La húmeda brisa del verano, flotaba por la ventana abierta, levantando suavemente las cortinas de gasa blanca. El temprano rosa de la salida del sol se mostraba por encima de las distantes colinas.
Su sexo seguía pulsándole con la locura del sueño y sus pezones hormigueaban contra de su camisón. Las sensaciones la llenaban de culpa. A causa de su incompetencia, Duncan había enterrado a su amada Caitlynn y a su hijo muerto el día de hoy, y ella, Phyllida, ni siquiera tenía la decencia de parar sus románticos deseos -no, su lujuria- hacia el miembro del clan que había amado en secreto durante años. Especialmente cuando fue por su culpa que Caitlynn murió.
Leda exhaló y volvió a caer sobre las almohadas, con el corazón encogido dolorosamente. Empuñó sus manos para que dejaran de temblar. Por enésima vez, repasó todas las posibilidades en su mente, viéndose a sí misma detener el flujo de sangre que había escurrido la vida de Caitlynn.
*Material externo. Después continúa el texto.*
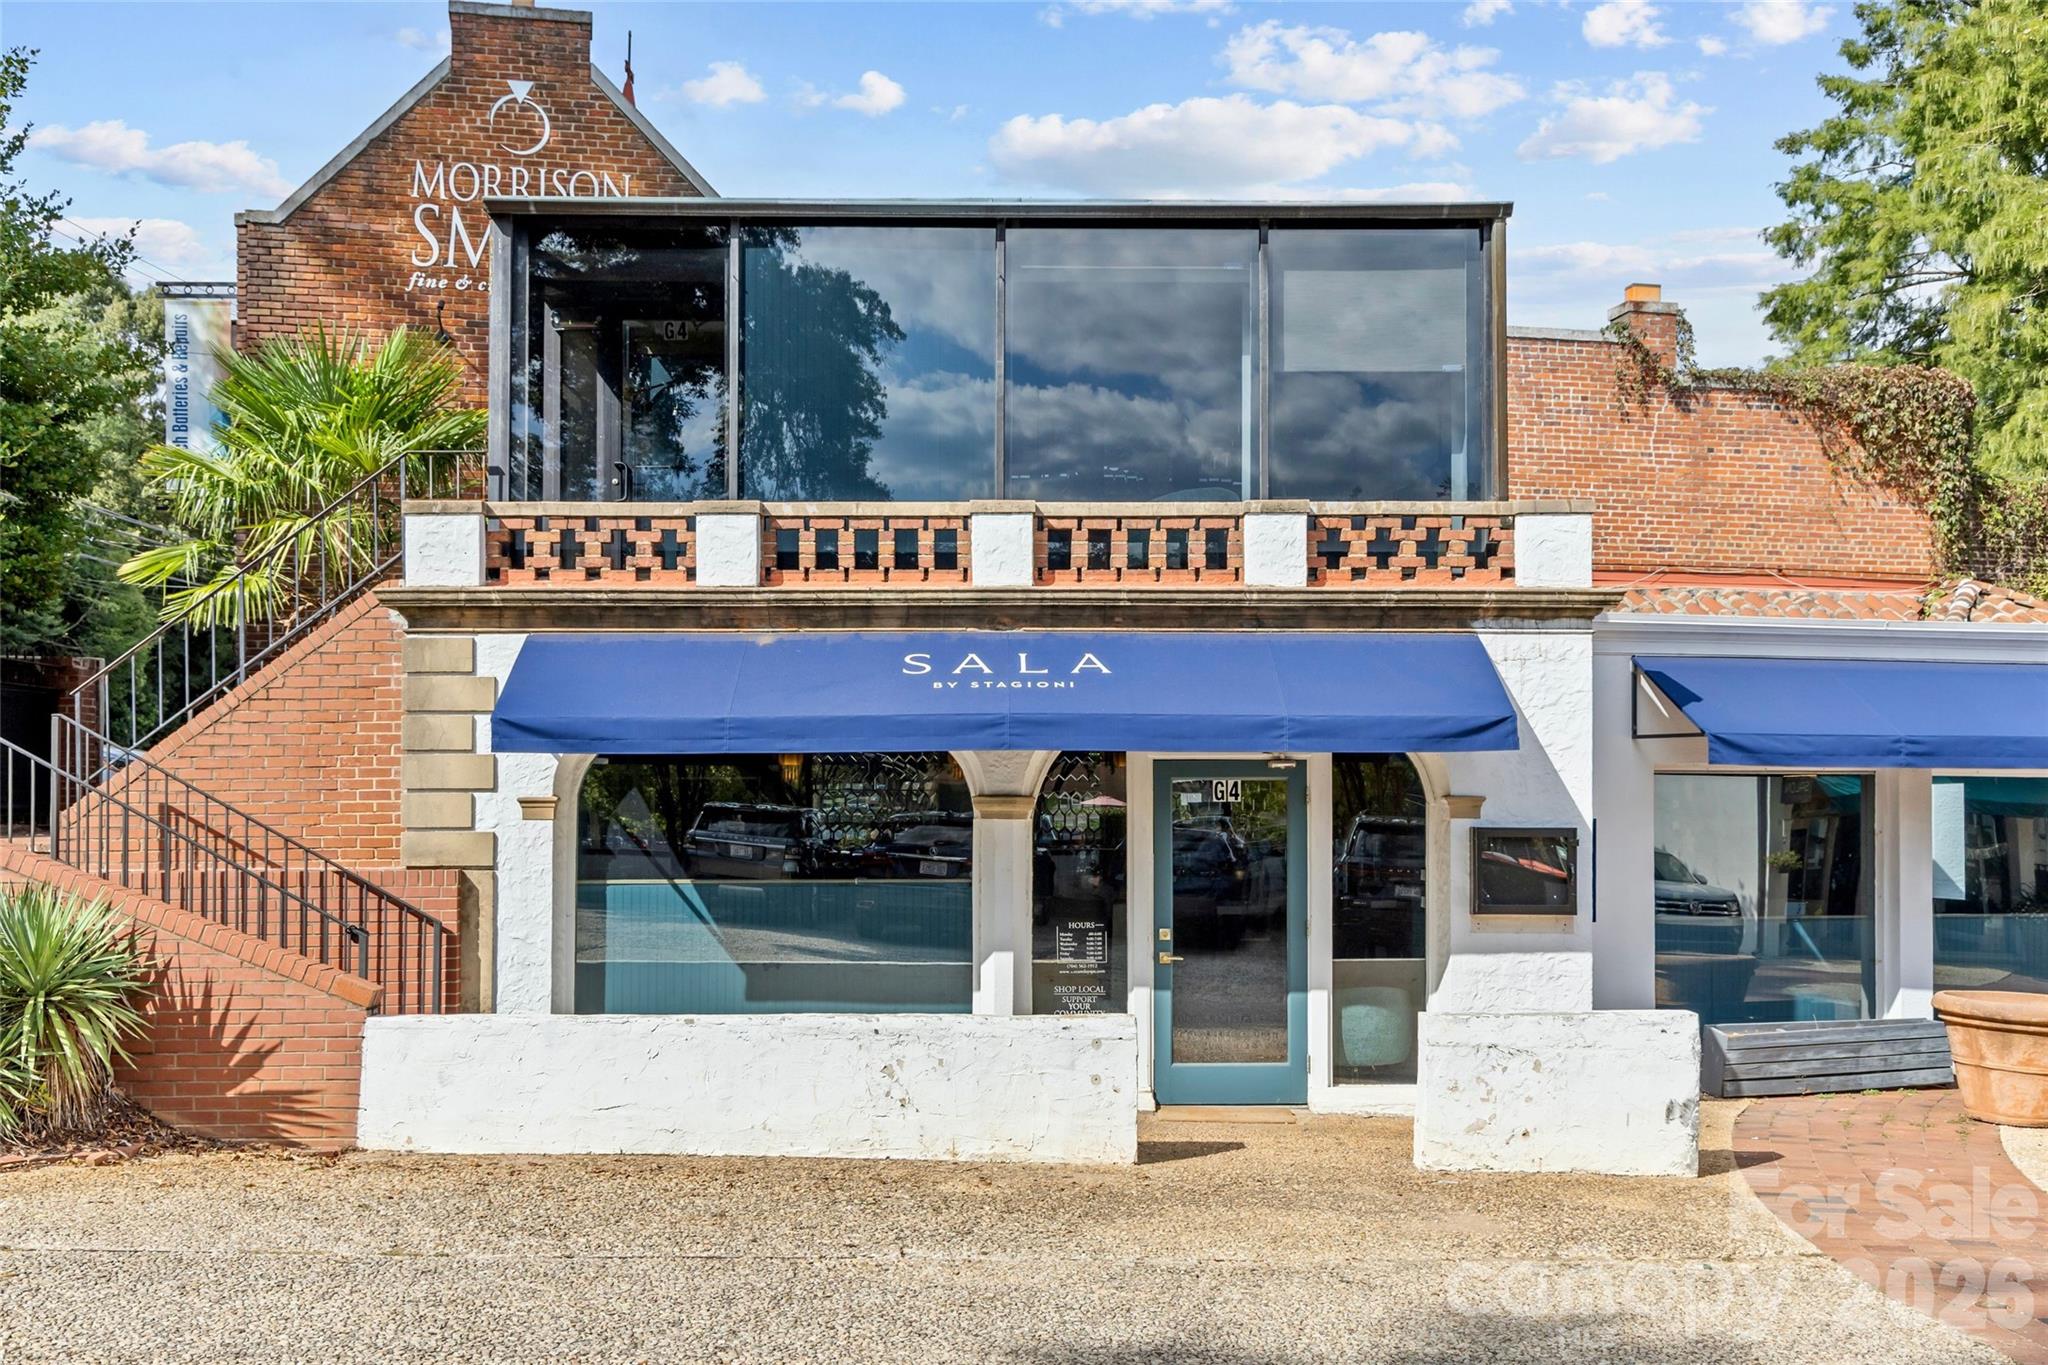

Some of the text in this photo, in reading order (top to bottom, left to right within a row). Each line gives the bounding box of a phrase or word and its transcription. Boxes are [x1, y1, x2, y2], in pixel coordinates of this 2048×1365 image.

Había empleado hasta la última gota de sus conocimientos de partera y de enfermería que su madre le enseñó. Sin embargo, la horrible sensación de que podría haber hecho más la atormentaba como una piedra bajo su piel.
Acomodándose más profundamente en la cama, se quedó mirando la salida del sol. La finca ya se sentía más oscura y sombría, sin Caitlynn, la hermosa mujer, que había traído luz y risas al sobrecargado laird lleno de responsabilidades. Cait había sido el fuerte contraste de su marido, quien llevaba todo el peso de sus responsabilidades. Duncan sorprendió a todos los que lo conocían en ese corto matrimonio, porque vivió cinco años llenos de risas que ahora había perdido.
Caitlynn se había ido, y Leda tendría que vivir el resto de sus días sabiendo que la había matado.
De repente, Leda recordó que Ian, el hermano menor de Duncan, estaría en casa esa mañana para el funeral. Ella e Ian tenían la misma edad y habían crecido casi toda su vida juntos. La idea de ver a su compañero de juegos infantiles y su mejor amigo, fue lo que la hizo sobreponerse y forzarse a sí misma a levantarse de las profundidades de su suave colchón. Calzó sus zapatillas y cruzó la habitación hacia su guardarropa. Abriendo bien las puertas, pensando en qué ponerse. No es que tuviera mucha elección. Había preferido como siempre el uniforme de todos los días: era una blusa, pantalón, suéter, y botas, a las faldas y vestidos.
A pesar de su tristeza, Leda sonrió espontáneamente ante los recuerdos que le vinieron a la mente. Caitlynn, que había sido la encarnación de la feminidad, había intentado una y mil veces, sin éxito, romper con su atuendo masculino. A pesar de que Leda se había sentido siempre como una boba junto a la esposa de Duncan, la ropa masculina la había protegido, manteniéndola invisibles a los ojos de los hombres, especialmente de Duncan. Si no la notaba, era mucho más fácil ignorar el hecho de que nunca podría devolver el cariño que guardaba a su tutor. Además, nadie podía montar a caballo, escalar montañas y árboles, y explorar las orillas de un lago en un vestido de té.
Audrey asomó la cabeza por la puerta. —¿Necesita una mano, Señorita Leda?
Leda sonrió a la mujer de mediana edad que si se preocupaba de la condición social. Antes de que su padre se perdiera en el mar en su barco de pesca, Leda había pasado los primeros años de su vida en una cabaña rústica en las Orkneys, y nunca había tenido una criada. Realmente había crecido acostumbrada a no ser atendida. —No lo creo, Audrey. Gracias.
Audrey frunció el ceño e irrumpió en el cuarto de todos modos. —Yo, no lo creo, Señorita—. En un soplo de faldas almidonadas, se dirigió a una cómoda y sacó un corsé y medias de color oscuro de un cajón.